Please set down every entry from the listing below, word for word.

----- Data section -----

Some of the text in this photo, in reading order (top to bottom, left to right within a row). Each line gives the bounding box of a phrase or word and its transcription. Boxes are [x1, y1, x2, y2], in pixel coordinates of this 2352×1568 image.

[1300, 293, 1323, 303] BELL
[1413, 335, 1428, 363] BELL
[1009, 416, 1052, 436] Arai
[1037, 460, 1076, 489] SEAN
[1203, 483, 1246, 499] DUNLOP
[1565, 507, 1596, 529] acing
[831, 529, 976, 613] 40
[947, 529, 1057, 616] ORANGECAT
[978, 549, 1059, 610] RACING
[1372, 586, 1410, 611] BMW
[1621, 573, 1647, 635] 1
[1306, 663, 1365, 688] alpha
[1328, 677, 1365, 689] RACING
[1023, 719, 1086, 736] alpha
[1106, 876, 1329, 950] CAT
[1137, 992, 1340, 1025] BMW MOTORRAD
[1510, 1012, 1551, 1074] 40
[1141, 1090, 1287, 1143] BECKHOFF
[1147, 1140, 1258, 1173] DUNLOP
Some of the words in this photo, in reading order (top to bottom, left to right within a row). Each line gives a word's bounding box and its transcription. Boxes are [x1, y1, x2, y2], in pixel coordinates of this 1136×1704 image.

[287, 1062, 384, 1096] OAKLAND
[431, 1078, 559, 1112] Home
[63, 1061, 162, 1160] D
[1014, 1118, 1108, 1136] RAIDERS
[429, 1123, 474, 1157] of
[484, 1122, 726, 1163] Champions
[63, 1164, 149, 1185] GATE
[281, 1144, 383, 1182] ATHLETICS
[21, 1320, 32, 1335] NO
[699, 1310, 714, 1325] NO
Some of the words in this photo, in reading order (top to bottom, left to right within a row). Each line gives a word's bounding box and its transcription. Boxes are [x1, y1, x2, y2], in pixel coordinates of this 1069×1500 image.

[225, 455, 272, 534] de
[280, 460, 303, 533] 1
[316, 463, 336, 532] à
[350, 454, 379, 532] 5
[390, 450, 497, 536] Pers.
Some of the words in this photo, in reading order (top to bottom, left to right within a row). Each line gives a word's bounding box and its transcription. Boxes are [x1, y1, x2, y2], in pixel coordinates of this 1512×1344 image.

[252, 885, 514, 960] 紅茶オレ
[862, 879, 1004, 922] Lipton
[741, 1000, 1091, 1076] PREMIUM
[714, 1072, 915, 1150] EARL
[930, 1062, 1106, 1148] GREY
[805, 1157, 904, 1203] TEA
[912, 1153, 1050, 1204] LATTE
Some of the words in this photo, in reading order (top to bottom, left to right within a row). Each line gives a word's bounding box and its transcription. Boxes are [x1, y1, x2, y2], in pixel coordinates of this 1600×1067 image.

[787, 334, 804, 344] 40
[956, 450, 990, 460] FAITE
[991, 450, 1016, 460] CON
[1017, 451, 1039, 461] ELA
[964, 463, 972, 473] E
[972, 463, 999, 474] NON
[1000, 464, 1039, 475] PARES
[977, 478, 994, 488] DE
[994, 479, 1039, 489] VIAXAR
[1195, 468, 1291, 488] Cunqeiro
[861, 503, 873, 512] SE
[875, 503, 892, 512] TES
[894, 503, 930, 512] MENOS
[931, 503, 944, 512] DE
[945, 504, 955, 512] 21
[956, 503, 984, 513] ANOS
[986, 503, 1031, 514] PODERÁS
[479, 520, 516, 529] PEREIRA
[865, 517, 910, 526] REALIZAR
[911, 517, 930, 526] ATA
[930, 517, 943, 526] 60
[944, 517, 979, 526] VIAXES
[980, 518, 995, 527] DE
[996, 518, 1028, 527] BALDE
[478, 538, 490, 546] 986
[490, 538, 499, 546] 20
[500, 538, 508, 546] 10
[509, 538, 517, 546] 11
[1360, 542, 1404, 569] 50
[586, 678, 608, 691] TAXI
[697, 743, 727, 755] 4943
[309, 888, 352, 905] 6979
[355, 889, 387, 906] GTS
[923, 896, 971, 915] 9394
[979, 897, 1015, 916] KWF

-----

Solution to the exercise>
Some of the text in this photo, in reading order (top to bottom, left to right within a row). Each line gives the bounding box of a phrase or word and its transcription. Boxes are [x1, y1, x2, y2], in pixel coordinates of this 2352×1568 image.

[1300, 293, 1323, 303] BELL
[1413, 335, 1428, 363] BELL
[1009, 416, 1052, 436] Arai
[1037, 460, 1076, 489] SEAN
[1203, 483, 1246, 499] DUNLOP
[1565, 507, 1596, 529] acing
[831, 529, 976, 613] 40
[947, 529, 1057, 616] ORANGECAT
[978, 549, 1059, 610] RACING
[1372, 586, 1410, 611] BMW
[1621, 573, 1647, 635] 1
[1306, 663, 1365, 688] alpha
[1328, 677, 1365, 689] RACING
[1023, 719, 1086, 736] alpha
[1106, 876, 1329, 950] CAT
[1137, 992, 1340, 1025] BMW MOTORRAD
[1510, 1012, 1551, 1074] 40
[1141, 1090, 1287, 1143] BECKHOFF
[1147, 1140, 1258, 1173] DUNLOP
Some of the words in this photo, in reading order (top to bottom, left to right within a row). Each line gives a word's bounding box and its transcription. Boxes are [x1, y1, x2, y2], in pixel coordinates of this 1136×1704 image.

[287, 1062, 384, 1096] OAKLAND
[431, 1078, 559, 1112] Home
[63, 1061, 162, 1160] D
[1014, 1118, 1108, 1136] RAIDERS
[429, 1123, 474, 1157] of
[484, 1122, 726, 1163] Champions
[63, 1164, 149, 1185] GATE
[281, 1144, 383, 1182] ATHLETICS
[21, 1320, 32, 1335] NO
[699, 1310, 714, 1325] NO
Some of the words in this photo, in reading order (top to bottom, left to right within a row). Each line gives a word's bounding box and its transcription. Boxes are [x1, y1, x2, y2], in pixel coordinates of this 1069×1500 image.

[225, 455, 272, 534] de
[280, 460, 303, 533] 1
[316, 463, 336, 532] à
[350, 454, 379, 532] 5
[390, 450, 497, 536] Pers.
Some of the words in this photo, in reading order (top to bottom, left to right within a row). Each line gives a word's bounding box and its transcription. Boxes are [x1, y1, x2, y2], in pixel coordinates of this 1512×1344 image.

[252, 885, 514, 960] 紅茶オレ
[862, 879, 1004, 922] Lipton
[741, 1000, 1091, 1076] PREMIUM
[714, 1072, 915, 1150] EARL
[930, 1062, 1106, 1148] GREY
[805, 1157, 904, 1203] TEA
[912, 1153, 1050, 1204] LATTE
Some of the words in this photo, in reading order (top to bottom, left to right within a row). Each line gives a word's bounding box and its transcription. Boxes are [x1, y1, x2, y2], in pixel coordinates of this 1600×1067 image.

[787, 334, 804, 344] 40
[956, 450, 990, 460] FAITE
[991, 450, 1016, 460] CON
[1017, 451, 1039, 461] ELA
[964, 463, 972, 473] E
[972, 463, 999, 474] NON
[1000, 464, 1039, 475] PARES
[977, 478, 994, 488] DE
[994, 479, 1039, 489] VIAXAR
[1195, 468, 1291, 488] Cunqeiro
[861, 503, 873, 512] SE
[875, 503, 892, 512] TES
[894, 503, 930, 512] MENOS
[931, 503, 944, 512] DE
[945, 504, 955, 512] 21
[956, 503, 984, 513] ANOS
[986, 503, 1031, 514] PODERÁS
[479, 520, 516, 529] PEREIRA
[865, 517, 910, 526] REALIZAR
[911, 517, 930, 526] ATA
[930, 517, 943, 526] 60
[944, 517, 979, 526] VIAXES
[980, 518, 995, 527] DE
[996, 518, 1028, 527] BALDE
[478, 538, 490, 546] 986
[490, 538, 499, 546] 20
[500, 538, 508, 546] 10
[509, 538, 517, 546] 11
[1360, 542, 1404, 569] 50
[586, 678, 608, 691] TAXI
[697, 743, 727, 755] 4943
[309, 888, 352, 905] 6979
[355, 889, 387, 906] GTS
[923, 896, 971, 915] 9394
[979, 897, 1015, 916] KWF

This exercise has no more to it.